Bush's Corporate Moles

Bush’s appointees have walked straight out of the boardrooms of big
business America

AUSTIN, Texas -- More bizarre appointments by the Bush administration.
This problem is reaching tidal wave proportions. It's not so
much a matter of setting the fox to guard the chicken coop as it is
letting the raccoons loose in the henhouse.

Those of you who know how government works are fully aware of the
difference agency heads and other top officials can make in the
workings of a bureaucracy. With a president who is notoriously
uninterested in details, those in charge of the details often actually
set the policy. As we have seen in Texas, even when George W. has what
might be a good idea, like charter schools, sloppy execution
can result in disaster.

"Captive agencies" are a constant problem in government. They are
agencies supposedly in charge of regulating an industry or group,
which then acquires undue influence over or even control of the agency.
In Texas, the most spectacular example is the state's
equivalent of an environmental protection agency, to which then-Gov.
Bush appointed three commissioners who literally represent
major groups of polluters. Texas is, of course, Number One in toxic
pollution. The pattern continues in Washington.

-- Bush has nominated B. John Williams, a corporate tax attorney, as
chief counsel to the Internal Revenue Service. According to The
Wall Street Journal, Williams won a case that could jeopardize the
government's attempts to crack down on corporate tax havens.
The decision allows two companies to post the same loss when one sells a
money-losing unit to the other. Sure, that's fair, just the way
you get to double your deductions, right? If the decision stands, it is
expected to cost the IRS $10 billion in annual revenue.

-- In another case, also reported in the Journal, B. John Williams
(beware the man who parts his initials on the wrong side) tried to
justify disputed tax credits taken by his client, Shell Oil Co. He did
so by hiring a private investigator, who provided false information
to destroy the credibility of the government's expert witnesses. One
witness later sued for defamation, a case that was settled out of
court, the settlement paid for by Shell.

-- The curious case of John Graham, the "regulatory czar," who can block
any new regulation from his position inside the Office of
Management and Budget, has attracted some attention because of Graham's
unusual public record. While serving on an EPA
subcommittee on dioxin, Graham said reducing dioxin levels too far might
"do more harm than good." He argued that dioxin might
prevent cancer in some cases, an argument so outlandish it produced more
amusement than outrage.

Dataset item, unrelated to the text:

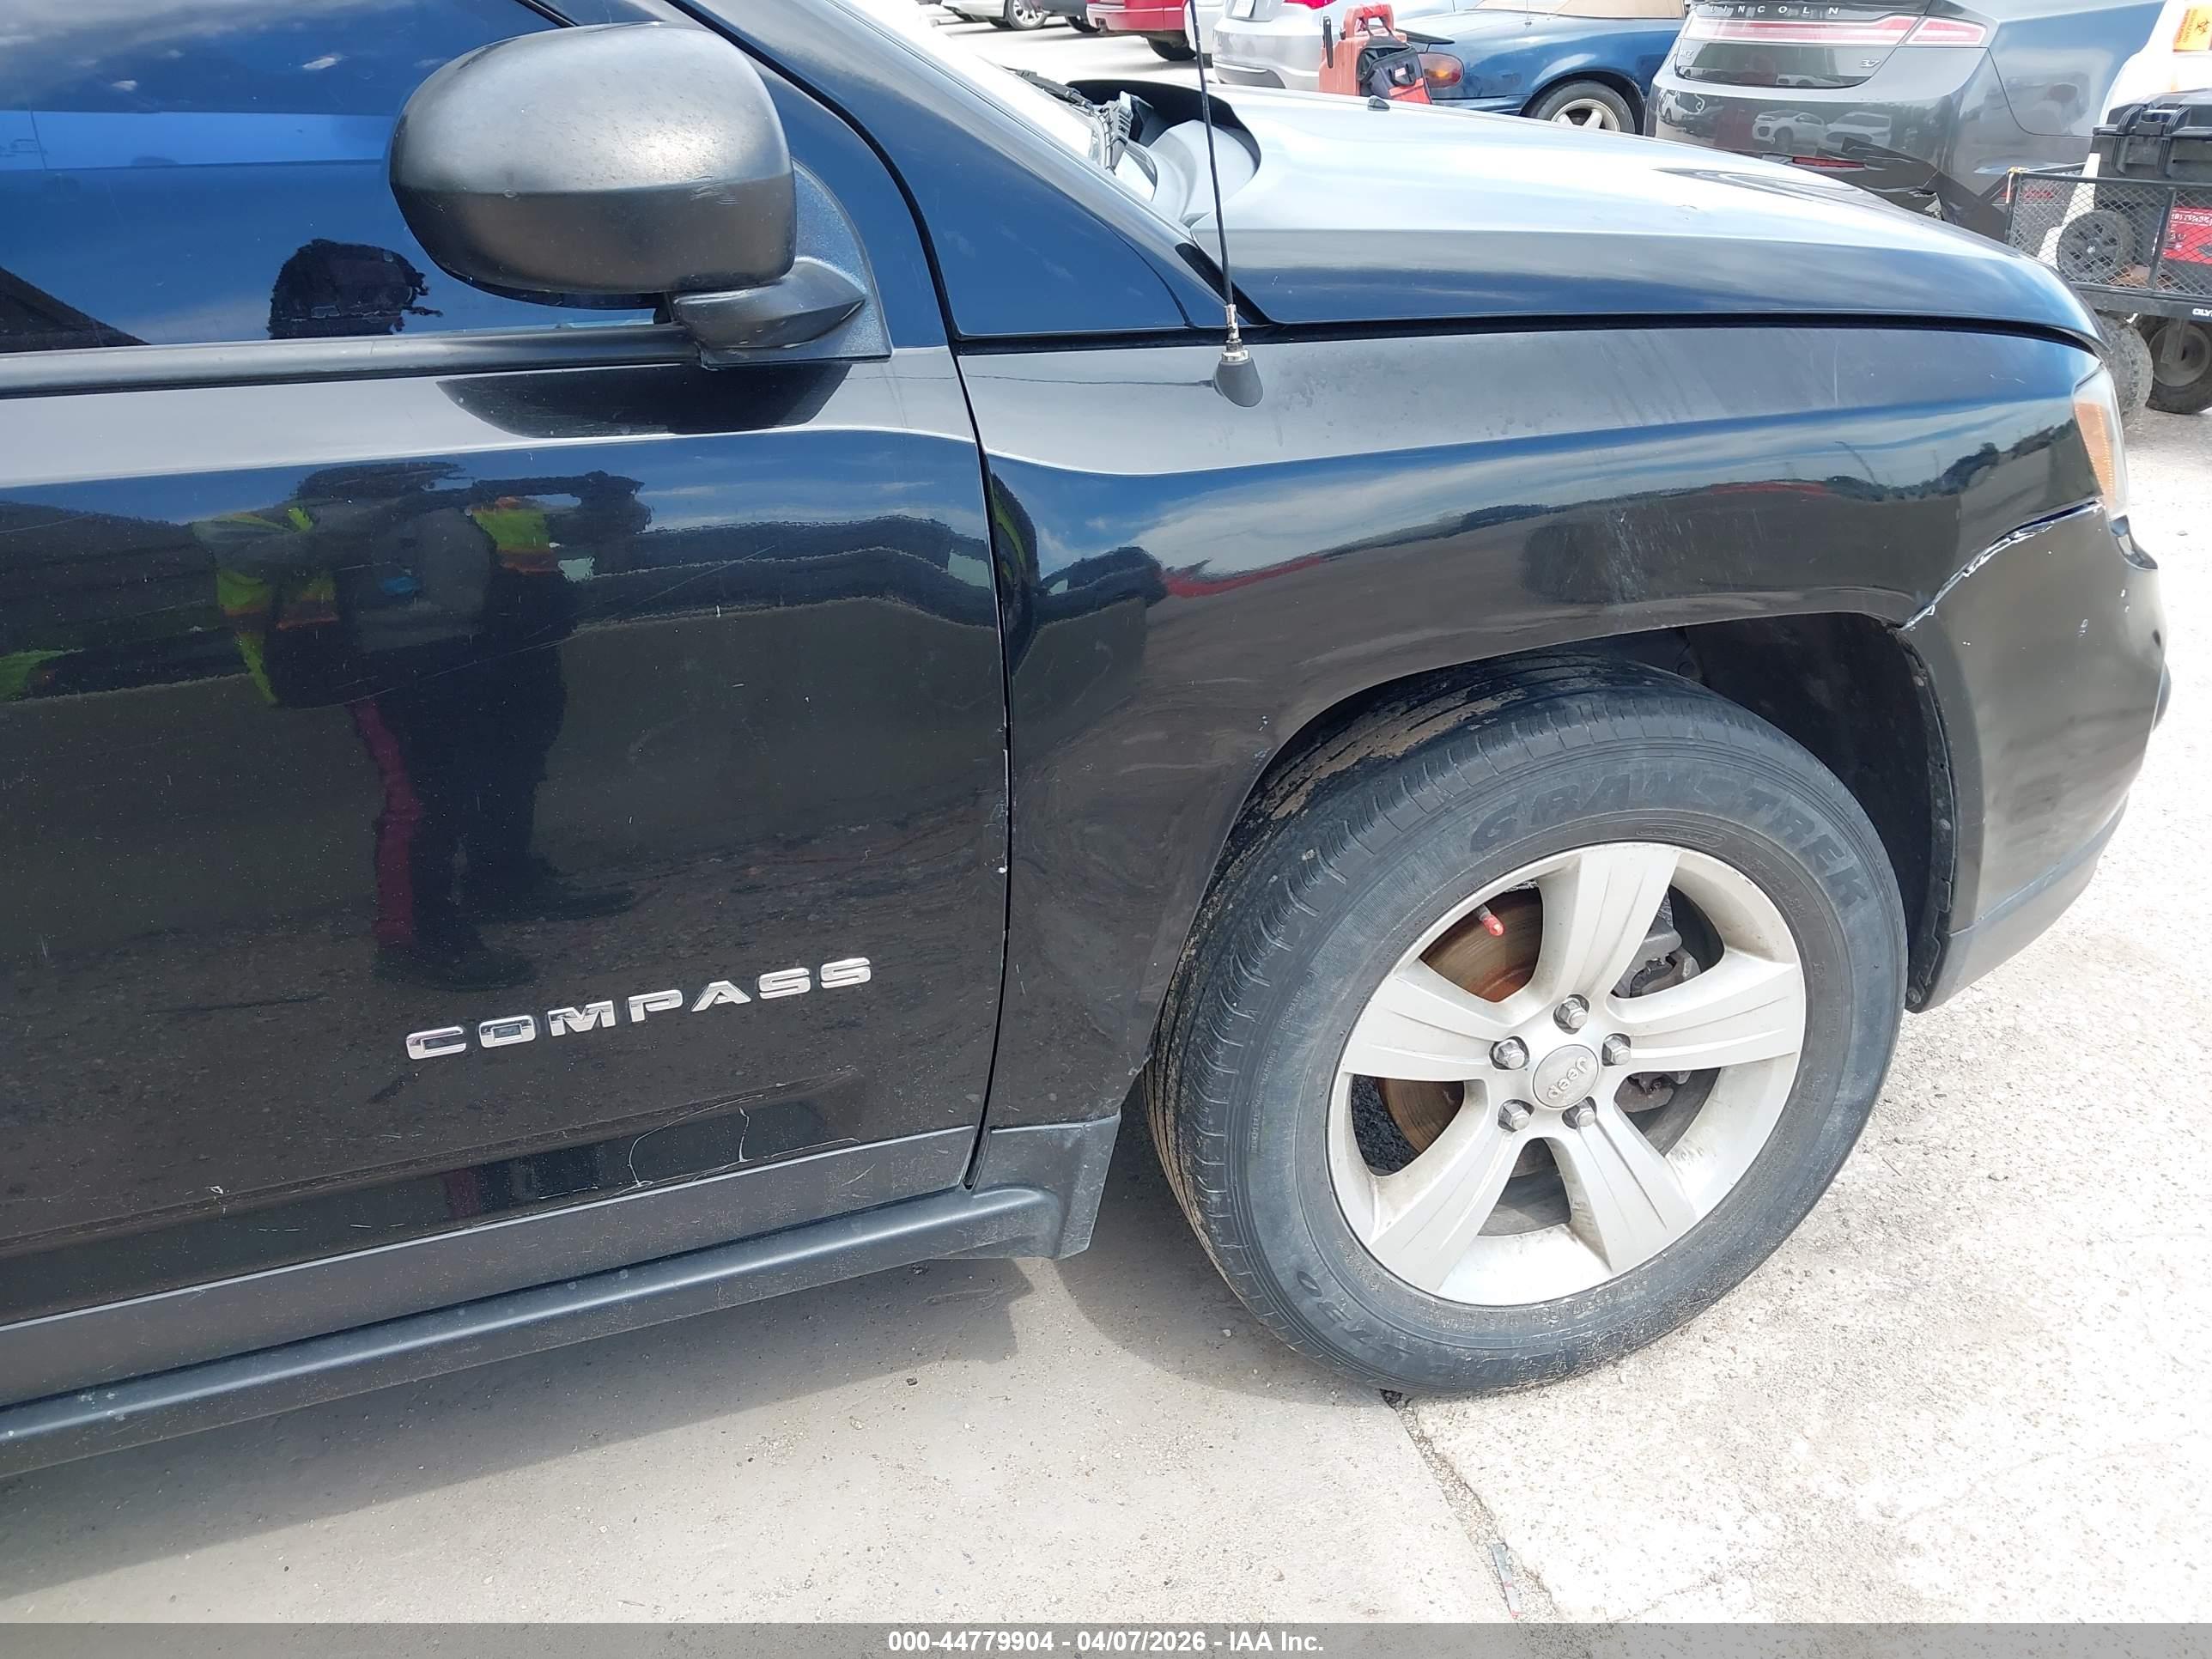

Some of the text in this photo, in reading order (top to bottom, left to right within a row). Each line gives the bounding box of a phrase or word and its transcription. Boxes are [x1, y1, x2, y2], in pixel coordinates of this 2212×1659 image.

[1710, 5, 1839, 15] LINCOLN
[2191, 307, 2212, 317] OLY
[405, 957, 872, 1060] COMPASS
[1547, 1055, 1588, 1100] Jeep

He also claims the problem of
pesticides on foods is "trivial," that the public has "paranoia" about
toxic chemicals (it is to be hoped), that safe housing codes kill
people and all manner of other dandy theories.

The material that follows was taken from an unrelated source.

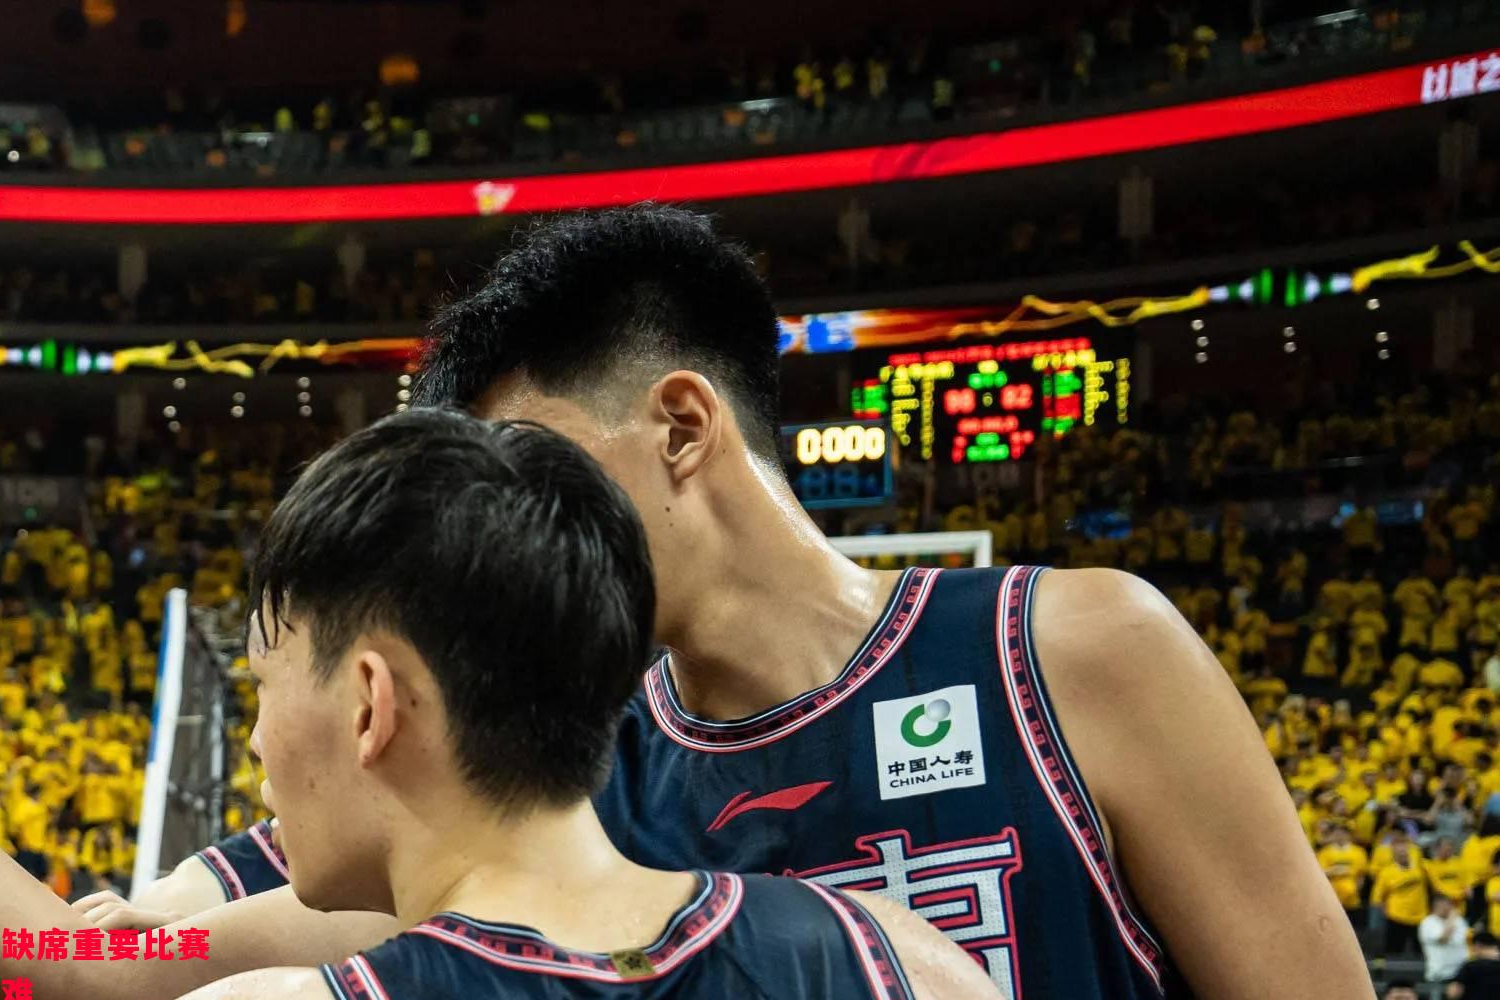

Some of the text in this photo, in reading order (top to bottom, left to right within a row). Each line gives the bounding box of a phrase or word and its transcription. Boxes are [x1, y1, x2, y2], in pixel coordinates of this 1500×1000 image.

[888, 750, 974, 776] 中国人寿
[890, 767, 974, 788] CHINA LIFE

-- Graham was director of the Center for Risk Analysis at Harvard, which
tries to apply cost-benefit exams to health, safety and
environmental protection. This curious idea, of assigning a dollar value
to human life, illness and harm to eco-systems and then seeing if
that outweighs the cost of regulation, is like some chilling
mad-scientist fantasy. You say it will only cost three lives per million
spent and so it's not worth it? Fine, then let one of them be your wife
and the others your son and daughter.

-- J. Steven Griles, new deputy secretary at the Interior Department,
was a top lobbyist for the oil, gas and coal industries. The new
solicitor, William Myers III, was top guy at the National Cattlemen's
Beef Association and represented the grazing interests in lawsuits
against the policies he will now be enforcing. The new Number Two at the
EPA was a lobbyist for Monsanto. And as the new
chairman of the Council on Environmental Equality, Bush wants the lawyer
who represented General Electric in its fight with the EPA
over toxic waste sites.

-- A sentimental favorite of mine is Jon Huntsman Jr., the new deputy
trade representative, who is hot to trot on a new round of trade
liberalization under the World Trade Organization. Huntsman resigned
from the privately-owned Huntsman Corporation, a familiar
name in Bush's hometown. Huntsman is famous in Midland-Odessa for its
"upsets," burn-offs of benzene, butadiene and other
carcinogens. Huntsman gets fines even under Texas' toothless standards,
and has already paid millions to the plant's neighbors over
"upsets." A Huntsman spokesman was memorably quoted in Vanity Fair
magazine: "We fear that Huntsman is being held up as the
poster child for Bush's shitty environmental record here in Texas."
Junior was a Commerce Department official under Bush the Elder.

Some of these appointments are merely ironic, if you have a strong
stomach. Others literally involve matters of life and death. As
Arthur Miller once wrote, "Attention must be paid."